[GRASS-user] UTM concepts

Brent Wood b.wood at niwa.co.nz
Mon Oct 9 17:52:38 EDT 2006


Hi Matt,

Apologies for the top post, but I figure I won't trim Matt's (well 
thought out) comments, nor require others to scroll through the "long 
rant"  :-)

The points raised are perfectly valid in theory, but I believe fall 
short in practice.

I have data from NATICE in a custom polar projection, ditto ADD data, 
then GEBCO lat/long, GPS data, add in NIWA custom mercator data & LINZ 
NZTM/NZMG data.

The result (in GRASS, at least as I understand it) of applying datum 
shifts & reprojecting these into some different projection to use with 
GRASS in a single map set is identical to the result of the proj4 based 
on-the-fly reprojection.

The issues you describe apply to any reprojection, both on the fly or 
static.

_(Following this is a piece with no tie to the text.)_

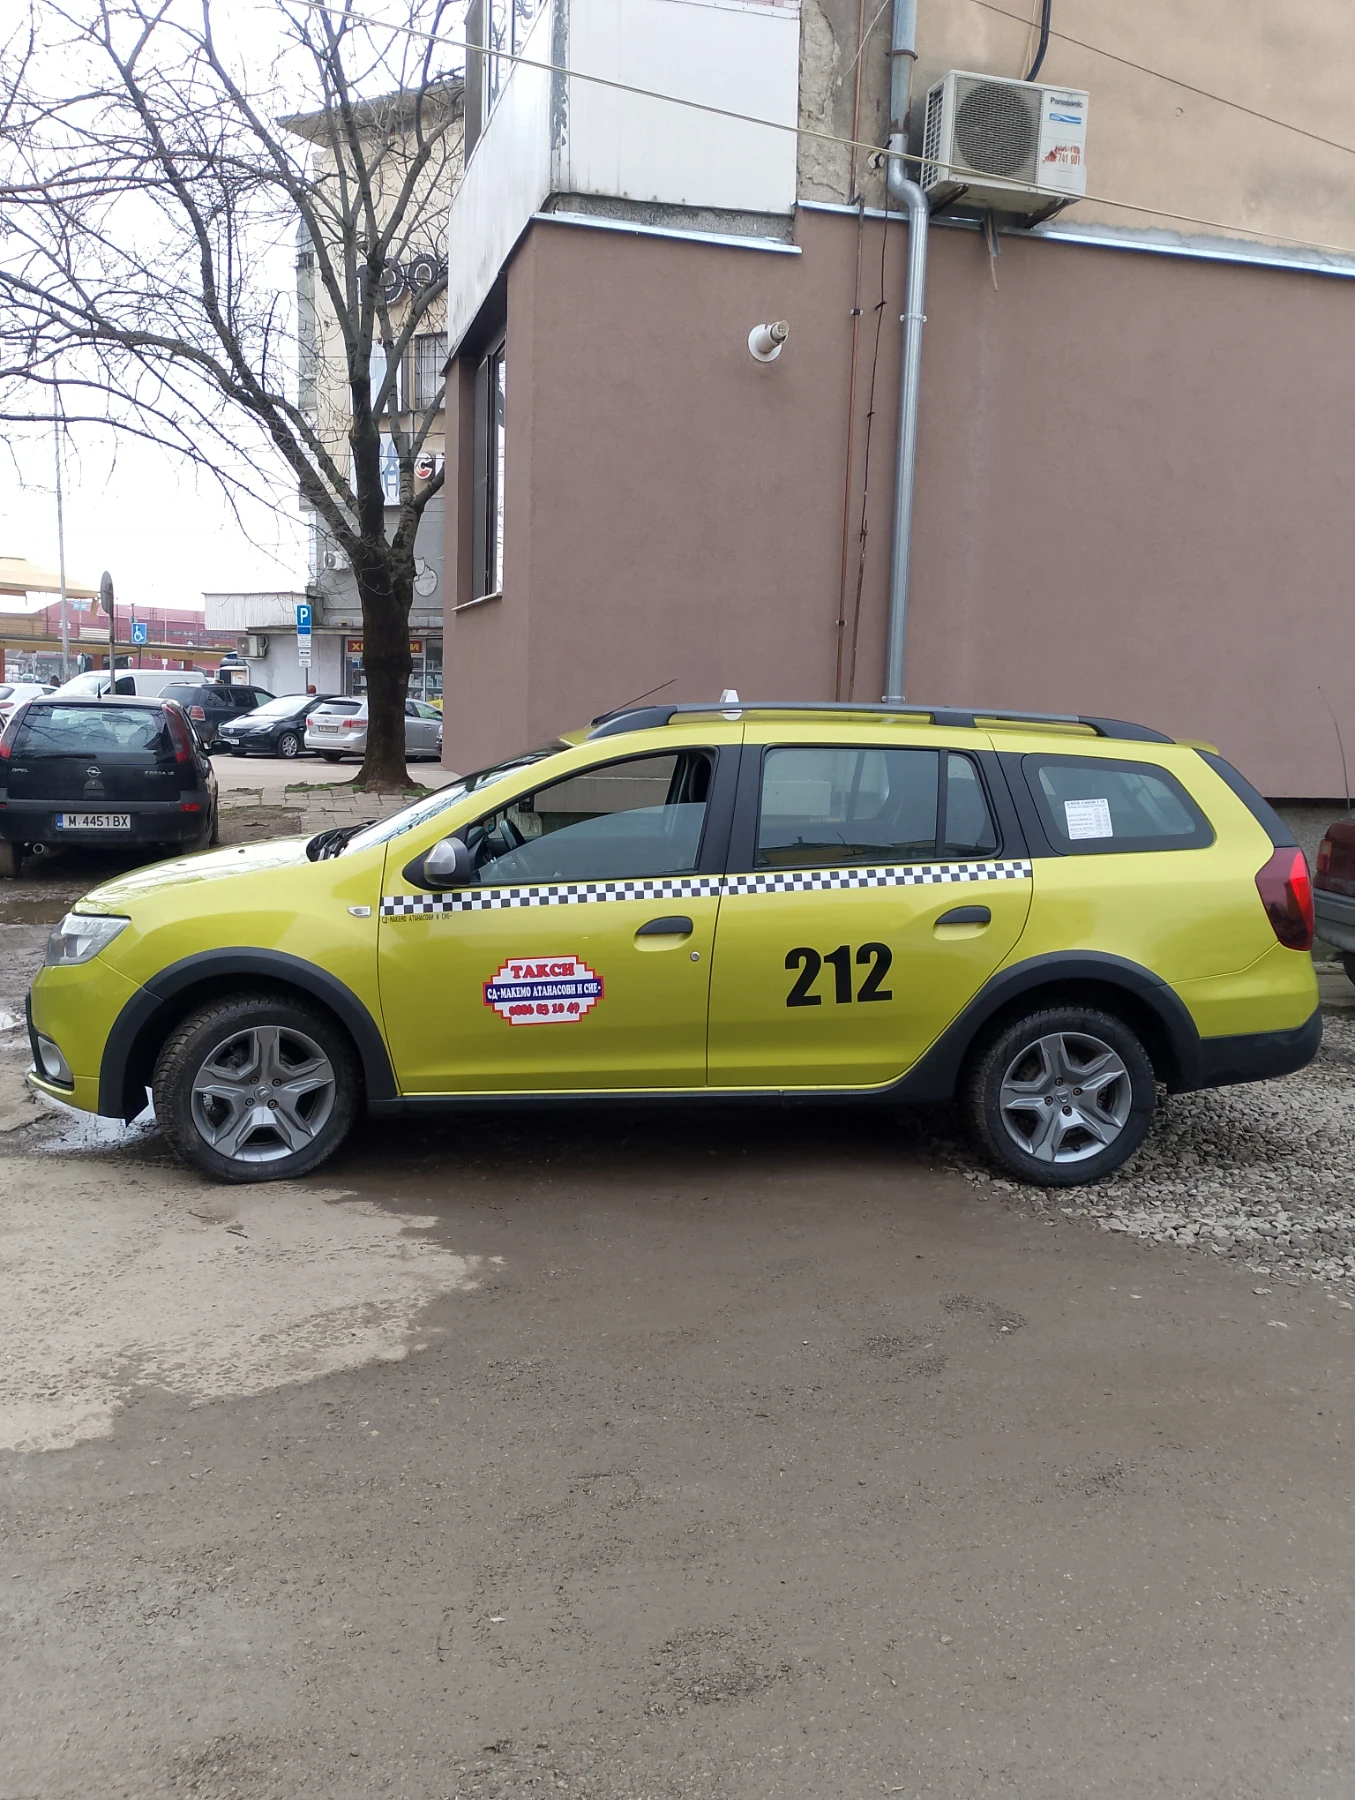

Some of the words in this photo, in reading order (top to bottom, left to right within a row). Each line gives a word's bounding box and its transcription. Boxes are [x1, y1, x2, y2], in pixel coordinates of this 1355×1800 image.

If there is no advantage (a better result) to using the static 
conversion to a common projection, then why not support an on the fly 
facility which does exactly the same thing & gives the same result, but 
makes things easier for the user?

Reprojecting  data using GRASS (or most other GIS systems I've looked 
at) does not require users to consider any of the issues you've raised, 
thus there is no real difference to an on the fly reprojection, so while 
your comments on reprojection issues are valid, I don't see their 
relevance to a discussion comparing static & on the fly capabilities 
when both are using the same libraries & give the same result.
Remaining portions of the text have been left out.